Tuesday, July 17, 2012

The U. S. economy: a problem of Titanic proportions


On the economic front, there’s bad news, and there’s bad news


Cal Thomas compares our fiscal predicament with the sinking Titanic:

“President Obama's attempt to spin the latest discouraging unemployment numbers as "a step in the right direction" is like telling passengers aboard the Titanic to ignore the sinking vessel and listen to the live music. A Wall Street Journal analysis of the June unemployment figures offers little comfort, nor does it produce confidence that the economy will improve before the election…President Obama has said we "can't afford to go back to the failed policies of the past," implying they didn't work. Those past numbers look a lot better than the ones he's posting…This administration has put America on a path to socialism.

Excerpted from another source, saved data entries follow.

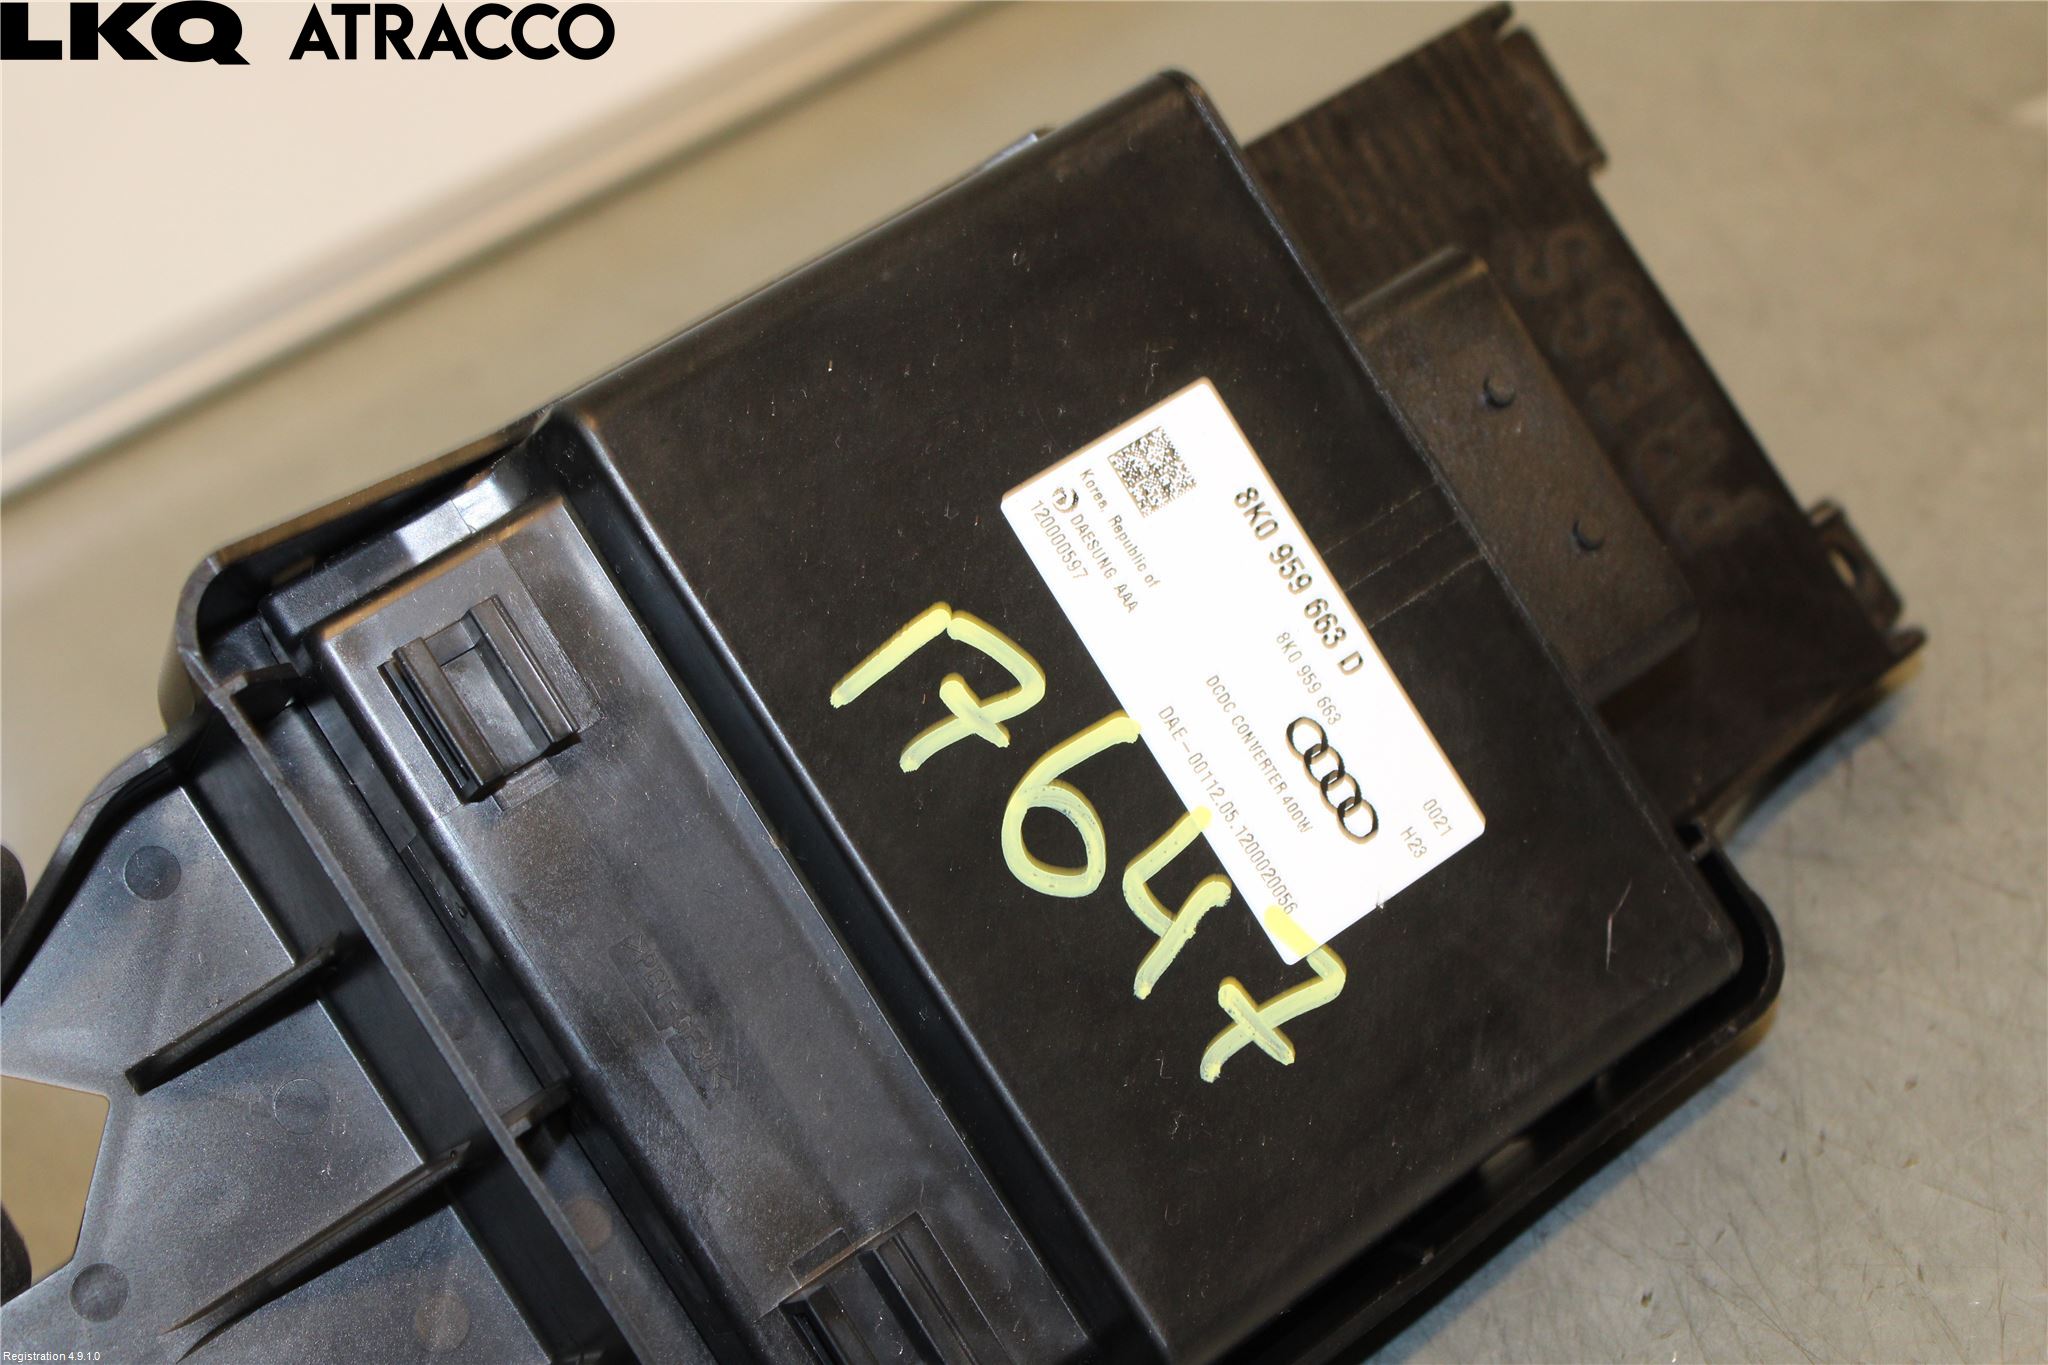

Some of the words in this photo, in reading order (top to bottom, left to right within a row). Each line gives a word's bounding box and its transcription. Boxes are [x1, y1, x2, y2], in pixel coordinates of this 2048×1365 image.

[1031, 500, 1088, 578] 120000597
[1070, 514, 1117, 579] DAESUNG
[1114, 584, 1138, 613] AAA
[1108, 514, 1146, 571] Republic
[1143, 572, 1163, 590] of
[1234, 487, 1279, 540] 8K0
[1269, 544, 1312, 594] 959
[1304, 598, 1347, 648] 663
[1337, 651, 1364, 674] D
[1277, 632, 1302, 663] 8K0
[1297, 665, 1321, 693] 959
[1317, 697, 1341, 724] 663
[1206, 674, 1237, 713] DCDC
[1232, 715, 1287, 794] CONVERTER
[1281, 795, 1313, 833] 400W
[1401, 826, 1427, 857] H23
[1422, 798, 1454, 836] 0021

It's for Romney to make the case that the administration's "medicine" is actually killing us.” Read more here

The facts say Thomas isn’t exaggerating.  Associated press reporter Christopher Rugaber points out that U.S. manufacturing shrank in June for the first time in nearly three years
 
“U.S. manufacturing shrank in June for the first time in nearly three years, adding to signs that economic growth is weakening…The slowdown comes as U.S. employers have scaled back hiring, consumers have turned more cautious, Europe faces a recession and manufacturing has slowed in big countries like China.  ‘This is not good,’ said Dan Greenhaus, chief economic strategist at BTIG, an institutional brokerage.” Read more here
 
And wages have dropped for only the 5th time IN 33 YEARS    

 “Unemployment ebbs and flows, but one measure of the nation's economic health, average weekly wages, rarely dips. Until now. In the latest demonstration of the struggling economy that threatens President Obama's reelection, average weekly wages fell in 2011, one of only five declines since the category was created in 1978 by the Bureau of Labor Statistics…”  Read more here
 

Can we really afford four more years of Obama?